Every entry that follows should be repeated exactly; drop the images.

---------------

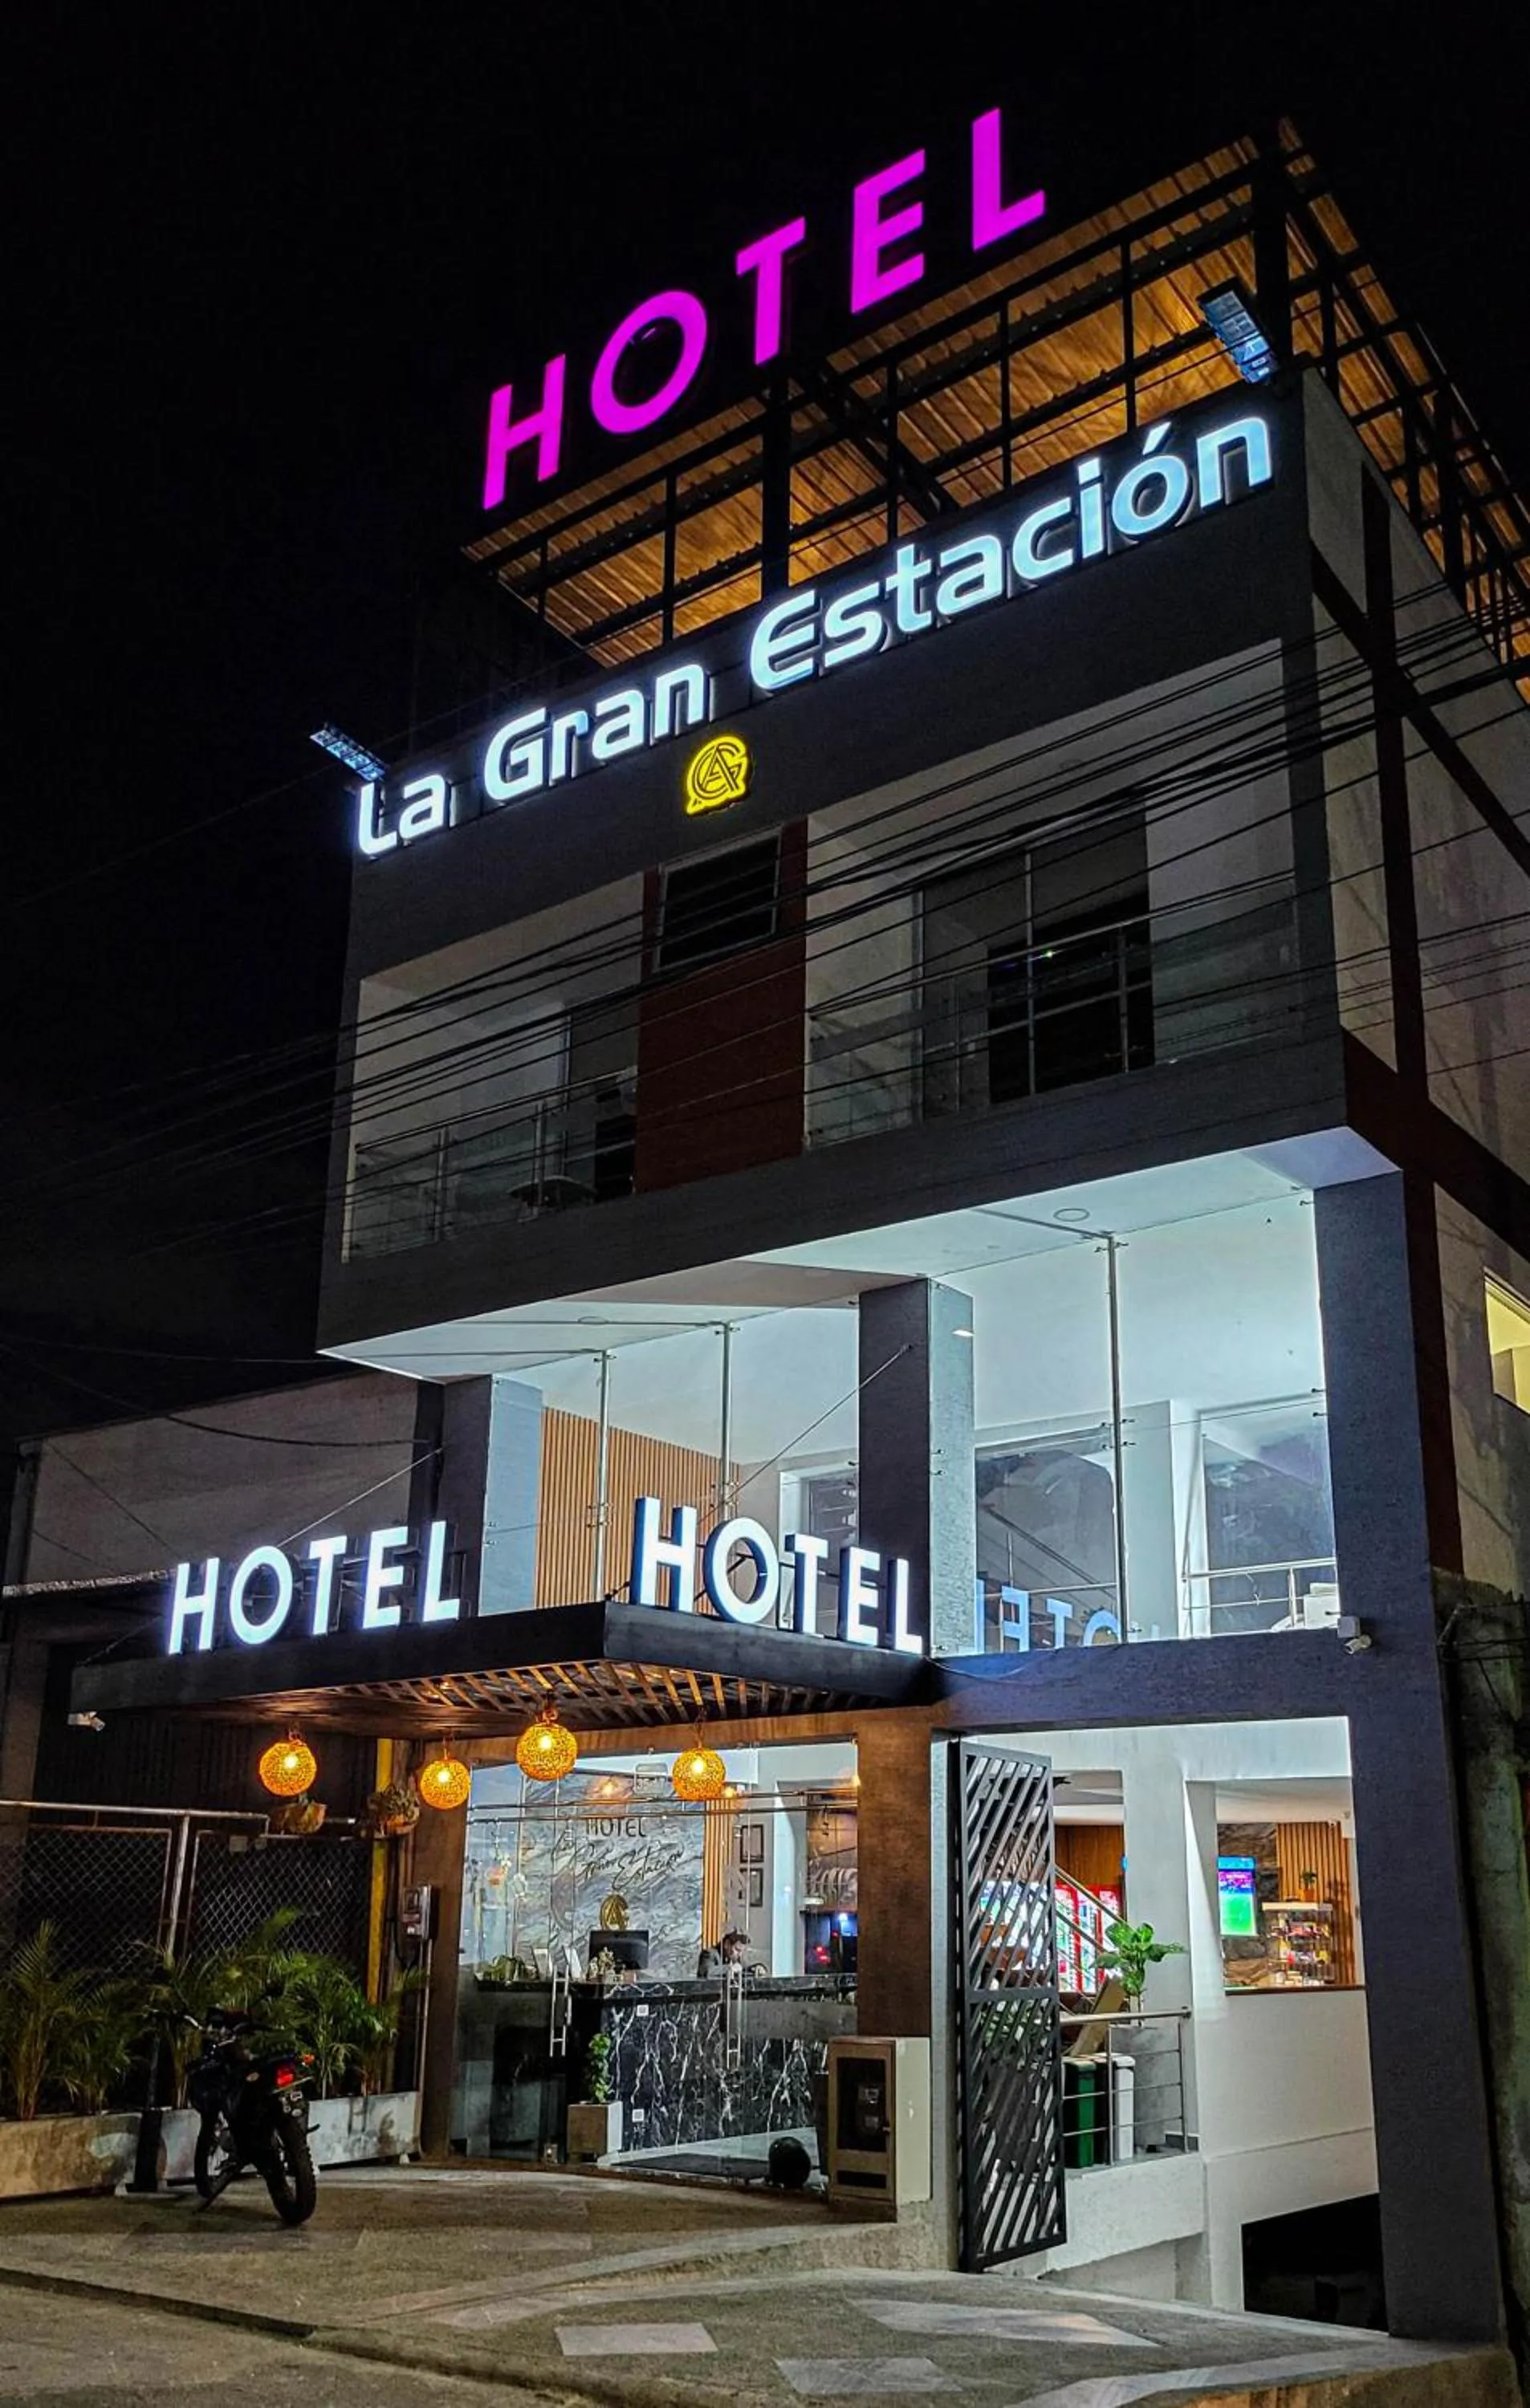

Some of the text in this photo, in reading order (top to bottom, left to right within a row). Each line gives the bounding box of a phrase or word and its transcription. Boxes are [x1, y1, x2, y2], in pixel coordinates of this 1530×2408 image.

[483, 108, 1046, 509] HOTEL
[357, 416, 1273, 856] La Gran Estación
[169, 1521, 460, 1654] HOTEL
[630, 1496, 923, 1654] HOTEL

---------------

RESPONSE AREA:
Some of the text in this photo, in reading order (top to bottom, left to right within a row). Each line gives the bounding box of a phrase or word and its transcription. Boxes are [x1, y1, x2, y2], in pixel coordinates of this 1530×2408 image.

[483, 108, 1046, 509] HOTEL
[357, 416, 1273, 856] La Gran Estación
[169, 1521, 460, 1654] HOTEL
[630, 1496, 923, 1654] HOTEL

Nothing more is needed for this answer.